Monday, February 20, 2017

Arthur Gordon Pym

We all know Edgar Allen Poe for his brilliant, terrifying, and macabre tales, but his one novel-length work, The Narrative of Arthur Gordon Pym of Nantucket, is far less familiar. And yet, I would claim it as quite possibly his finest work, a tale whose conceit -- that Poe is merely shaping and refining a narrative given to him by Mr. Pym -- and whose deft evocation of the genre of travel and exploration narratives, were so effective that the London office of Wiley and Putnam was prepared to publish it as "an American contribution to geographical science" -- until they learned that Pym was, in fact, a fiction.

The effect was very carefully obtained. Poe had devoured any number of nautical narratives, and always had some navigational manuals, along with the Encyclopedia Brittanica, close at hand. The giving of facetious specifics, such as the name of the ship "Grampus," and the illustrated plates of the strange hieroglyphics, all added to the sense of realism. Most significantly, Poe drew from the hollow-earth theory of John Cleves Symmes, along with the exhortations of Jeremiah Reynolds, both of whom argued that an expedition should be dispatched to investigate the "hole" in the earth at its Southern pole. Remarkably, the U.S. Congress voted to fund exactly such an expedition, but by the time of its launch less fanciful heads had prevailed, and the United States Exploring Expedition -- the first launched by its young nation -- made remarkable progress in the "South Seas."

In Britain, the seeming marks of authenticity caused some to mistake it for an actual travel narrative; among those duped was the publisher George P. Putnam, who planned a join publication with his friend David Appleton, declaring that "this man has reached a higher latitude than any European navigator. Let us reprint this for the benefit of Mr. Bull." Putnam later ruefully noted that "the grave particularity of the title and of the narrative misled many of the critics as well as ourselves, and whole columns of these new ‘discoveries,’ including the hieroglyphics found on the rocks, were copied by many of the English country papers as sober historical truth”

Nor everyone, of course, was taken in by the initial ruse; the editor of the Gentleman's Magazine castigated the book, declaring that:
A more impudent attempt at humbugging the public has never been exercised; the voyages of Gulliver were politically satirical, and the adventures of Munchausen, the acknowledged caricature of a celebrated traveller. Sinbad the Sailor, Peter Wilkins, and More's Utopia, are confessedly works of the imagination; but Arthur Gordon Pym puts forth a series of travels outraging possibility, coolly requires his insulted readers to believe his ipse dixit.
Together with this novel, we'll be seeing Peter Delpeut's film Forbidden Quest, which assembles an enormous amount of "found footage" of polar expeditions to lend reality to an equally facetious tale, this time lent an "air" of reality by an elderly Irish ship's carpenter. Like Poe, Delpeut draws from the "hollow earth" theory, using it to explain the presence of Eskimos at the South Pole, as well as his narrator's otherwise miraculous return to civilization.

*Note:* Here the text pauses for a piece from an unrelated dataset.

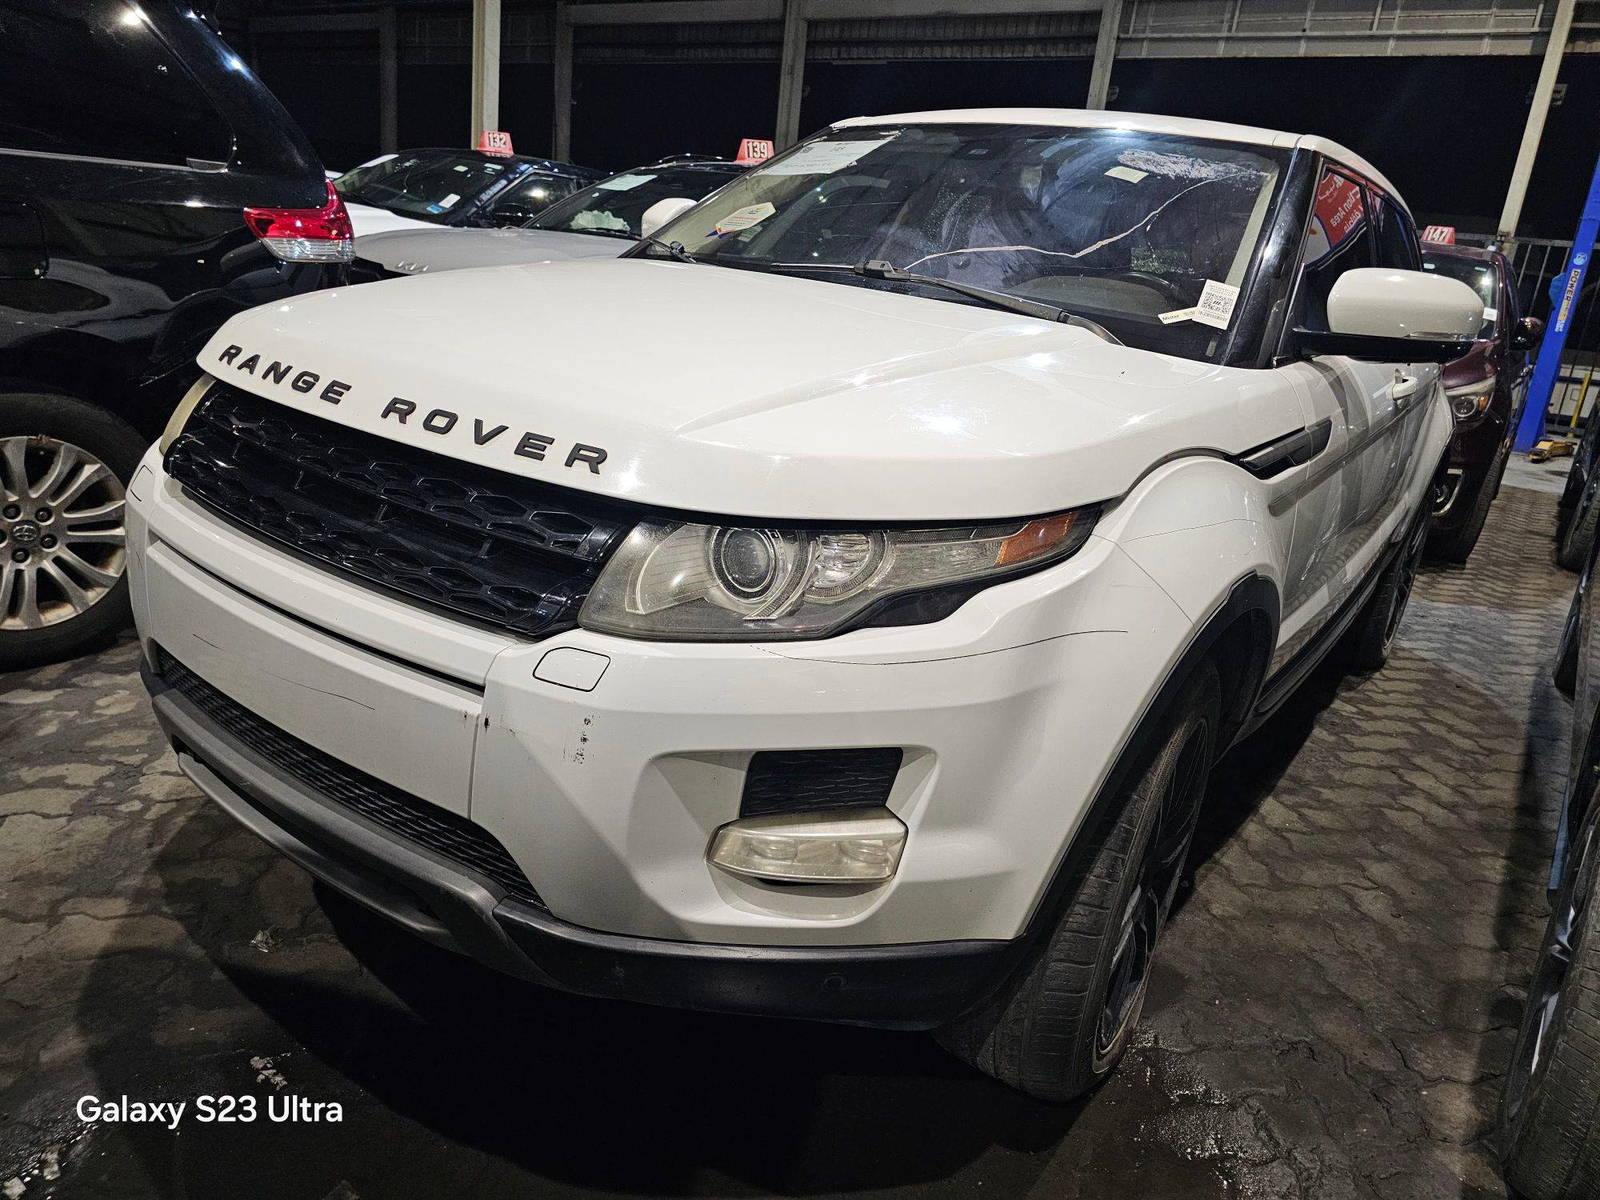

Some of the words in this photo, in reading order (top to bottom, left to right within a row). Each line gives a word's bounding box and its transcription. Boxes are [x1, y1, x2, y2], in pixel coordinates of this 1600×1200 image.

In the end, both narratives are best enjoyed when the ruse is realized -- for it's only then that we can, unlike other creatures, take pleasure from traveling along the edge of our own deception. But what did you think? Did this seem to you a real narrative? Or at some point, was the spell, perhaps abruptly, broken? And what did you think of it then?

7 comments:

  1. It was interesting watching the film today in class after reading most of The Narrative of Arthur Gordon Pym of Nantucket and to see this type of "real fiction" in both the narrative and doc/mocumentary formats. When I was reading the novel, although some parts can come across a little absurd or silly, Poe's attention to detail made it very credible. It seemed to tell a real story, or at the very least, we closely based on one.

    If I hadn't known that the film we saw was not real, I probably would have believed it. The narrator was pretty convincing and the inclusion of the footage added to the believability of the whole film. I think both the film and the novel really play on our concept of credibility. Like we talked about in class, there are certain markers that make documentaries appear more real. Things such as footage and the quality of footage are pretty crucial to how we interpret the documentary and the event it depicts. If we see a grainy, low quality image or video, we are more likely to believe that it is authentic because many real-life events are not well-documented. For example, most people do not walk down the street with an HD camcorder recording their every move. If something were to happen to them, they are more likely to pull out their cellphone and get a small clip of whatever the action is. This is part of what makes these short, incomplete, low quality clips seem so much more believable.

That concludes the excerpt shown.